YOUR ASSIGNMENT
Leave no picture in, and give every entry again exactly.

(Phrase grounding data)
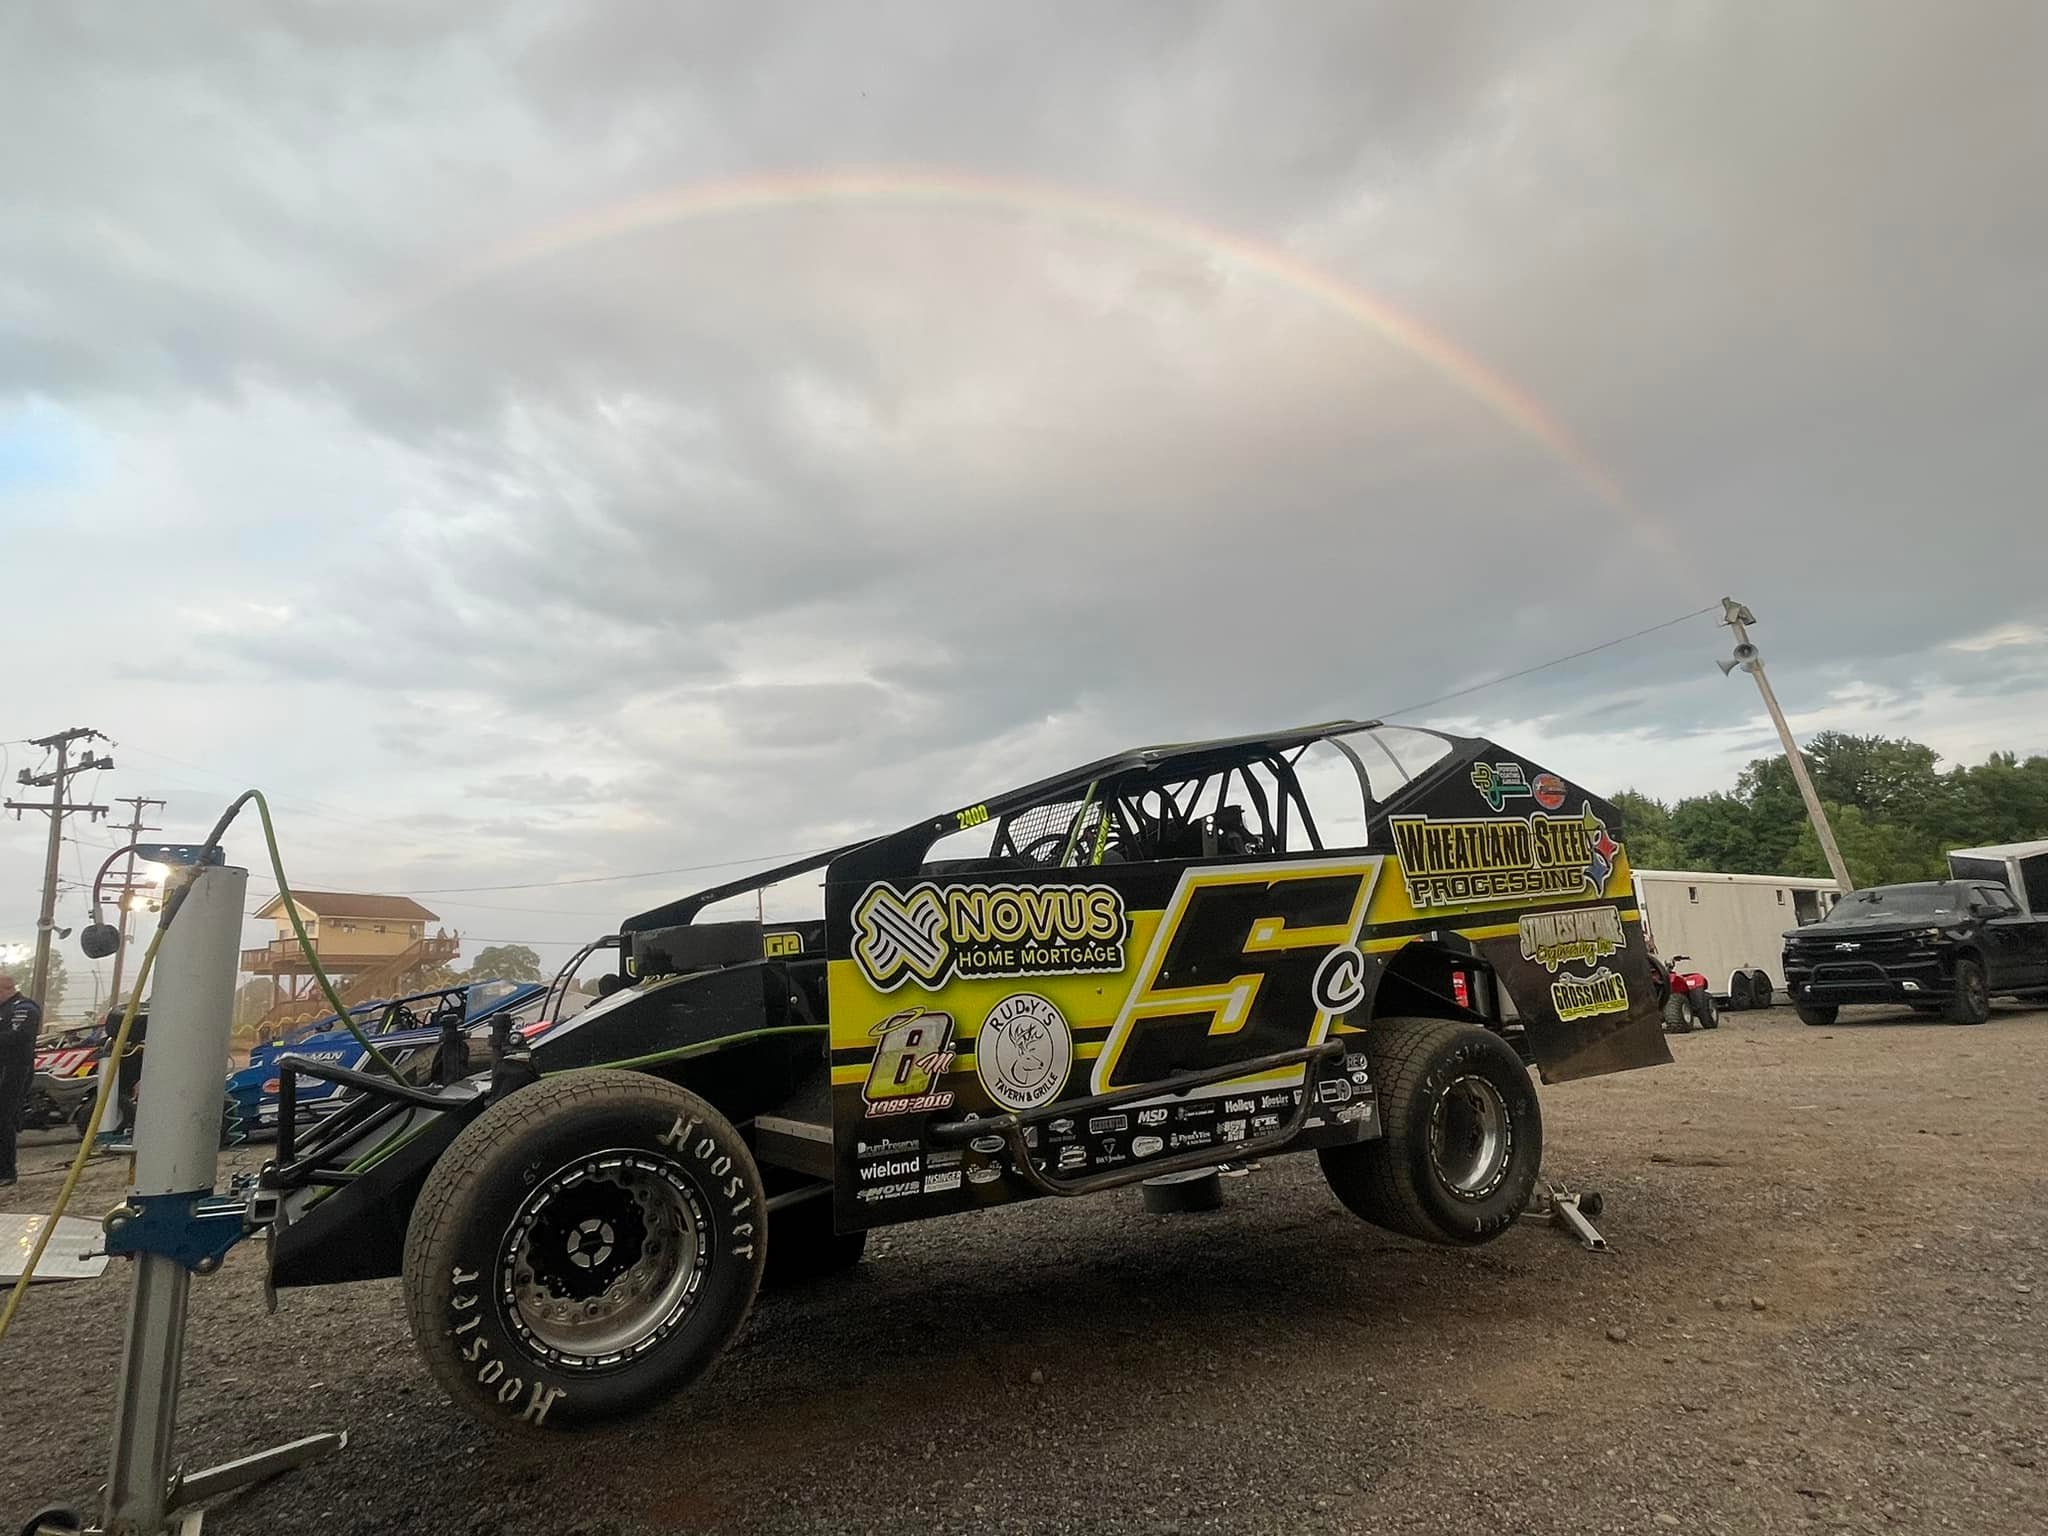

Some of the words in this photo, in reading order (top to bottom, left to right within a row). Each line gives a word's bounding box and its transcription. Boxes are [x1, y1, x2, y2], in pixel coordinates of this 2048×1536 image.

[956, 804, 989, 829] 2400
[1396, 821, 1532, 875] WHEATLAND
[1533, 818, 1592, 867] STEEL
[1410, 869, 1584, 904] PROCESSING
[951, 892, 1117, 942] NOVUS
[959, 950, 1015, 967] HOME
[1021, 946, 1117, 965] MORTGAGE
[1552, 976, 1625, 1010] GROSSMAN'S
[989, 999, 1056, 1032] RUDY'S
[866, 1012, 951, 1099] 8
[995, 1077, 1026, 1101] TAVERN
[1032, 1071, 1058, 1100] GRILLE
[1138, 1108, 1168, 1124] MSD
[1224, 1099, 1255, 1113] Holley
[860, 1156, 920, 1180] wieland
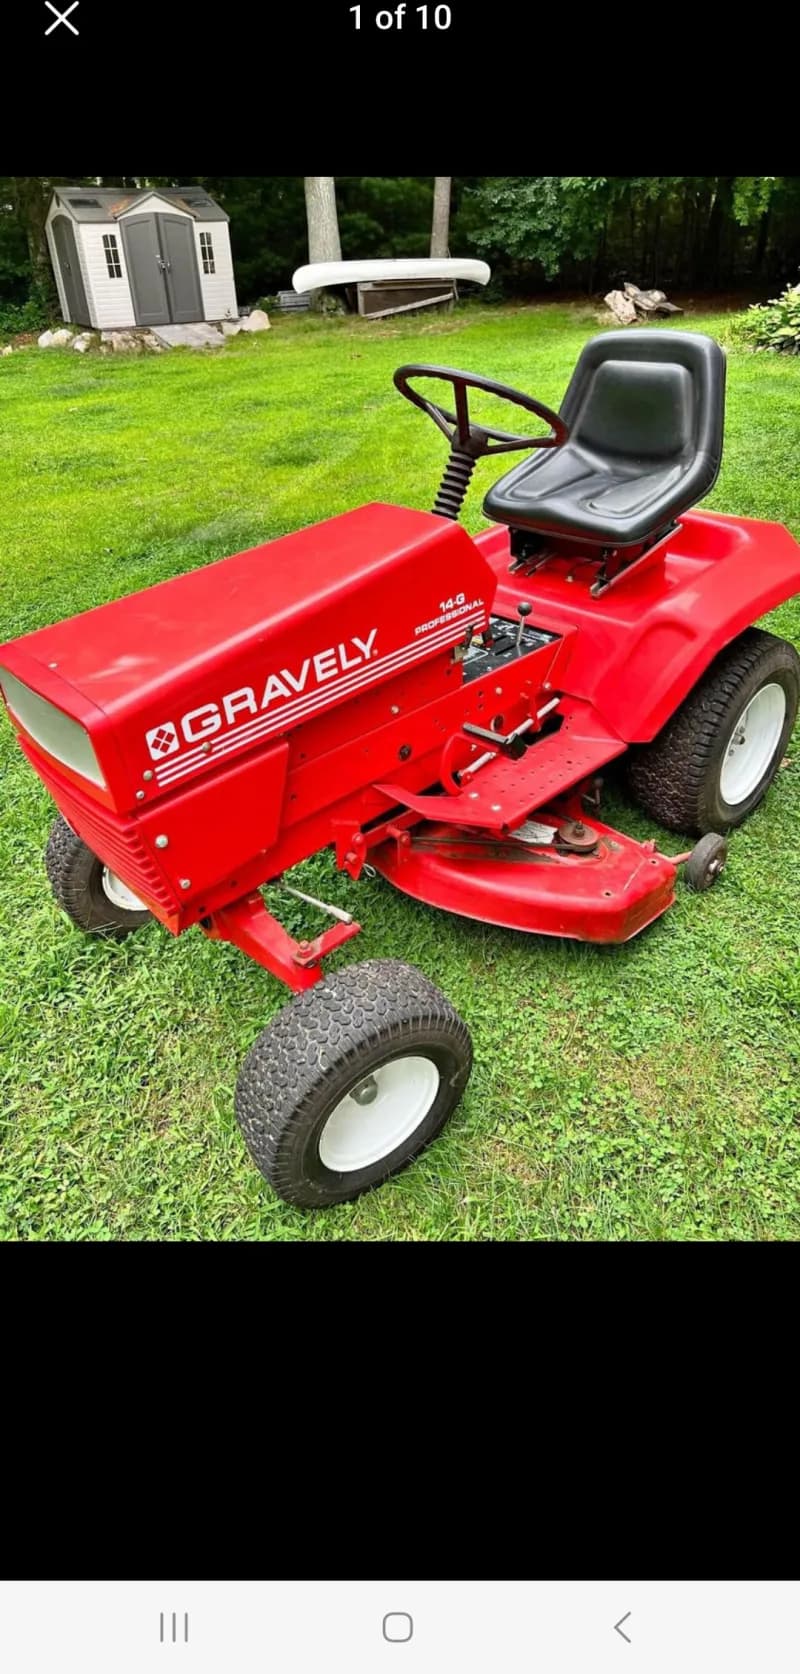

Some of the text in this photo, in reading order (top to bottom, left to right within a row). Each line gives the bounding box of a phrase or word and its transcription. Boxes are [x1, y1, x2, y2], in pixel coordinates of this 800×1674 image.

OUTPUT OF THE TASK
Some of the words in this photo, in reading order (top to bottom, left to right within a row). Each line gives a word's bounding box and its transcription. Boxes are [x1, y1, x2, y2], in pixel coordinates of this 2048×1536 image.

[956, 804, 989, 829] 2400
[1396, 821, 1532, 875] WHEATLAND
[1533, 818, 1592, 867] STEEL
[1410, 869, 1584, 904] PROCESSING
[951, 892, 1117, 942] NOVUS
[959, 950, 1015, 967] HOME
[1021, 946, 1117, 965] MORTGAGE
[1552, 976, 1625, 1010] GROSSMAN'S
[989, 999, 1056, 1032] RUDY'S
[866, 1012, 951, 1099] 8
[995, 1077, 1026, 1101] TAVERN
[1032, 1071, 1058, 1100] GRILLE
[1138, 1108, 1168, 1124] MSD
[1224, 1099, 1255, 1113] Holley
[860, 1156, 920, 1180] wieland

Some of the text in this photo, in reading order (top to bottom, left to right within a row). Each line gives the bounding box of a phrase or word and its transcription. Boxes are [x1, y1, x2, y2], in pixel coordinates of this 800×1674 image.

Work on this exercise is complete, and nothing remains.